* Requirement:
Your task is to transcribe the data exactly while omitting each picture.

* Excerpted records:
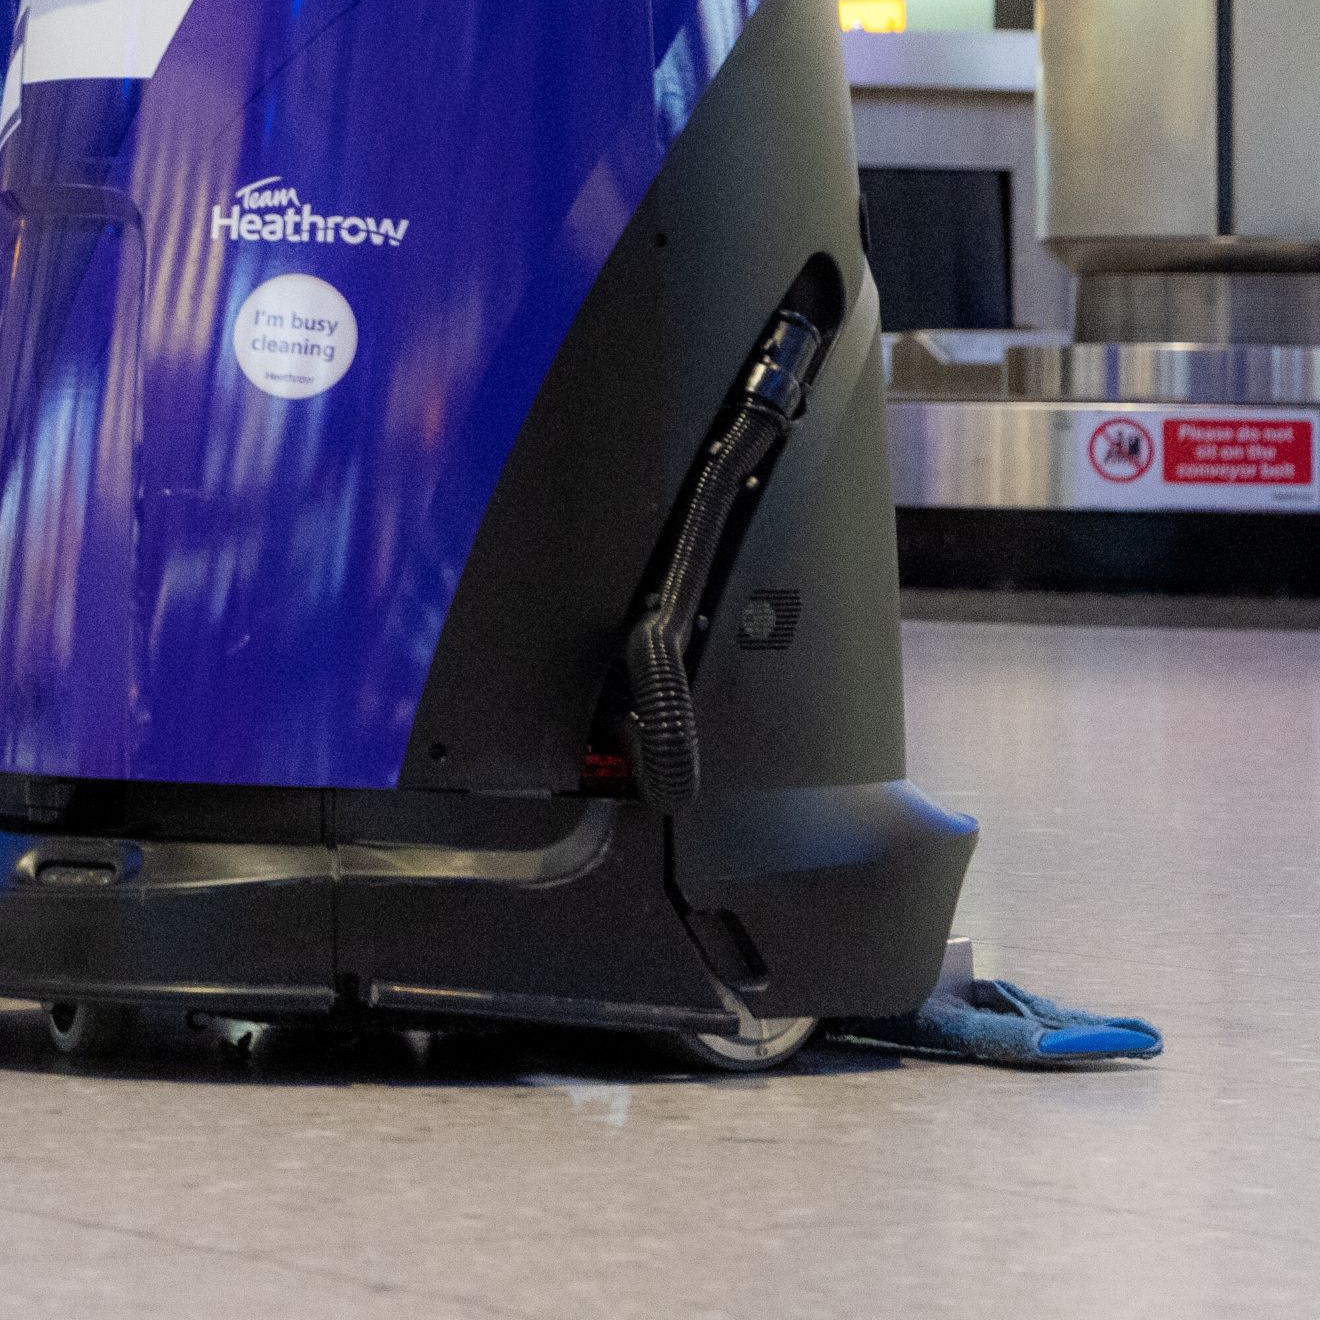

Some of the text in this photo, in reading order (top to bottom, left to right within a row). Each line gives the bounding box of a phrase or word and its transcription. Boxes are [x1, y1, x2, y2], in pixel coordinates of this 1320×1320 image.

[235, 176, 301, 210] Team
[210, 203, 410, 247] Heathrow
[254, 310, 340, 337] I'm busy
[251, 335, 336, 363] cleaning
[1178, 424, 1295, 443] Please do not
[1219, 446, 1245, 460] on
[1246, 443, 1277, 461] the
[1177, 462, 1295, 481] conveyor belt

* Task output:
Some of the text in this photo, in reading order (top to bottom, left to right within a row). Each line gives the bounding box of a phrase or word and its transcription. Boxes are [x1, y1, x2, y2], in pixel coordinates of this 1320×1320 image.

[235, 176, 301, 210] Team
[210, 203, 410, 247] Heathrow
[254, 310, 340, 337] I'm busy
[251, 335, 336, 363] cleaning
[1178, 424, 1295, 443] Please do not
[1219, 446, 1245, 460] on
[1246, 443, 1277, 461] the
[1177, 462, 1295, 481] conveyor belt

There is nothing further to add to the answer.